-- Dataset records --
▼
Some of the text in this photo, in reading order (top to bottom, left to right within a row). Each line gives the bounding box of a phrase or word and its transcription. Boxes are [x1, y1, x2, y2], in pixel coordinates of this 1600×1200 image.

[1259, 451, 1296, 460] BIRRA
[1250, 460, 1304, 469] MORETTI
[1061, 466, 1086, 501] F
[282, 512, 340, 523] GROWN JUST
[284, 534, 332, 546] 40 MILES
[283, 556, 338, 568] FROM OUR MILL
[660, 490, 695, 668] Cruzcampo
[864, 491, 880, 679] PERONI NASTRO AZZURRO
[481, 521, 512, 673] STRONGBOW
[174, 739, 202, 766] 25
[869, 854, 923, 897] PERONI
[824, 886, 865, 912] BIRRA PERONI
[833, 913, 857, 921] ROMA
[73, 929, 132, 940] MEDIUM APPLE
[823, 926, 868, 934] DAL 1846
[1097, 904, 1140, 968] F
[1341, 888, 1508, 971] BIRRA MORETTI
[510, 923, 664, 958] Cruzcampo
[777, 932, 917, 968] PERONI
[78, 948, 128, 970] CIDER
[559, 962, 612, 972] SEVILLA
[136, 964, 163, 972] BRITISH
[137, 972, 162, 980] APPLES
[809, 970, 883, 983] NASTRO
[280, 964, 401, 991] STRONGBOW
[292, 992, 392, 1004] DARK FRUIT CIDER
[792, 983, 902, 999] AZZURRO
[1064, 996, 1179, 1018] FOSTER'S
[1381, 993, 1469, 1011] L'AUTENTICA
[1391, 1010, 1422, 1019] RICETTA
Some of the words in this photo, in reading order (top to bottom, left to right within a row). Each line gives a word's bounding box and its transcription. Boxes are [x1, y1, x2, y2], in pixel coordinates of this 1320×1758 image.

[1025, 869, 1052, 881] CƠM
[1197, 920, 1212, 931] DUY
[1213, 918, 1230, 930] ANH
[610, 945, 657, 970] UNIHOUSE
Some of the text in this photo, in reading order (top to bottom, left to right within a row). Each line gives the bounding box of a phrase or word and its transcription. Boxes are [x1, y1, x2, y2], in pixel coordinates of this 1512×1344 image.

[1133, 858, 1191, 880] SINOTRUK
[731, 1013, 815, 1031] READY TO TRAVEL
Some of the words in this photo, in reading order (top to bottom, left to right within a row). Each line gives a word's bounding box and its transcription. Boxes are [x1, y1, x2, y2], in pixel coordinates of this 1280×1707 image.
▲
-- EXERCISE REQUIREMENTS --
Having read the records above, reproduce each one exactly.

-- ANSWER TO THIS EXERCISE --
Some of the text in this photo, in reading order (top to bottom, left to right within a row). Each line gives the bounding box of a phrase or word and its transcription. Boxes are [x1, y1, x2, y2], in pixel coordinates of this 1600×1200 image.

[1259, 451, 1296, 460] BIRRA
[1250, 460, 1304, 469] MORETTI
[1061, 466, 1086, 501] F
[282, 512, 340, 523] GROWN JUST
[284, 534, 332, 546] 40 MILES
[283, 556, 338, 568] FROM OUR MILL
[660, 490, 695, 668] Cruzcampo
[864, 491, 880, 679] PERONI NASTRO AZZURRO
[481, 521, 512, 673] STRONGBOW
[174, 739, 202, 766] 25
[869, 854, 923, 897] PERONI
[824, 886, 865, 912] BIRRA PERONI
[833, 913, 857, 921] ROMA
[73, 929, 132, 940] MEDIUM APPLE
[823, 926, 868, 934] DAL 1846
[1097, 904, 1140, 968] F
[1341, 888, 1508, 971] BIRRA MORETTI
[510, 923, 664, 958] Cruzcampo
[777, 932, 917, 968] PERONI
[78, 948, 128, 970] CIDER
[559, 962, 612, 972] SEVILLA
[136, 964, 163, 972] BRITISH
[137, 972, 162, 980] APPLES
[809, 970, 883, 983] NASTRO
[280, 964, 401, 991] STRONGBOW
[292, 992, 392, 1004] DARK FRUIT CIDER
[792, 983, 902, 999] AZZURRO
[1064, 996, 1179, 1018] FOSTER'S
[1381, 993, 1469, 1011] L'AUTENTICA
[1391, 1010, 1422, 1019] RICETTA
Some of the words in this photo, in reading order (top to bottom, left to right within a row). Each line gives a word's bounding box and its transcription. Boxes are [x1, y1, x2, y2], in pixel coordinates of this 1320×1758 image.

[1025, 869, 1052, 881] CƠM
[1197, 920, 1212, 931] DUY
[1213, 918, 1230, 930] ANH
[610, 945, 657, 970] UNIHOUSE
Some of the text in this photo, in reading order (top to bottom, left to right within a row). Each line gives the bounding box of a phrase or word and its transcription. Boxes are [x1, y1, x2, y2], in pixel coordinates of this 1512×1344 image.

[1133, 858, 1191, 880] SINOTRUK
[731, 1013, 815, 1031] READY TO TRAVEL
Some of the words in this photo, in reading order (top to bottom, left to right within a row). Each line gives a word's bounding box and its transcription. Boxes are [x1, y1, x2, y2], in pixel coordinates of this 1280×1707 image.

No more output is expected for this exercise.